* **The task**:
Give back the data in full. Leave nothing out.

Stored data entries:
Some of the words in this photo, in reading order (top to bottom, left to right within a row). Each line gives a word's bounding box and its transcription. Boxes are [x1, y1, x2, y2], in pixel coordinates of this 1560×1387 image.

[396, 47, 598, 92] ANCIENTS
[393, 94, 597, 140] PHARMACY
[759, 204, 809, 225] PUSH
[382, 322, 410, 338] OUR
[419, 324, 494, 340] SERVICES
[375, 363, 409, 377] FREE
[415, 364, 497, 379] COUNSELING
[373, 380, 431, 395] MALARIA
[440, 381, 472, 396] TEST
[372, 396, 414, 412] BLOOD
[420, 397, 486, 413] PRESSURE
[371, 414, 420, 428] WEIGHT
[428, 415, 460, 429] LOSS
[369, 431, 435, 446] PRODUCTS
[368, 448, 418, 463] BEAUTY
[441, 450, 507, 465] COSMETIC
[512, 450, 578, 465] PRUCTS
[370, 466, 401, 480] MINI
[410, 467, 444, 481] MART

* **Exercise output**:
Some of the words in this photo, in reading order (top to bottom, left to right within a row). Each line gives a word's bounding box and its transcription. Boxes are [x1, y1, x2, y2], in pixel coordinates of this 1560×1387 image.

[396, 47, 598, 92] ANCIENTS
[393, 94, 597, 140] PHARMACY
[759, 204, 809, 225] PUSH
[382, 322, 410, 338] OUR
[419, 324, 494, 340] SERVICES
[375, 363, 409, 377] FREE
[415, 364, 497, 379] COUNSELING
[373, 380, 431, 395] MALARIA
[440, 381, 472, 396] TEST
[372, 396, 414, 412] BLOOD
[420, 397, 486, 413] PRESSURE
[371, 414, 420, 428] WEIGHT
[428, 415, 460, 429] LOSS
[369, 431, 435, 446] PRODUCTS
[368, 448, 418, 463] BEAUTY
[441, 450, 507, 465] COSMETIC
[512, 450, 578, 465] PRUCTS
[370, 466, 401, 480] MINI
[410, 467, 444, 481] MART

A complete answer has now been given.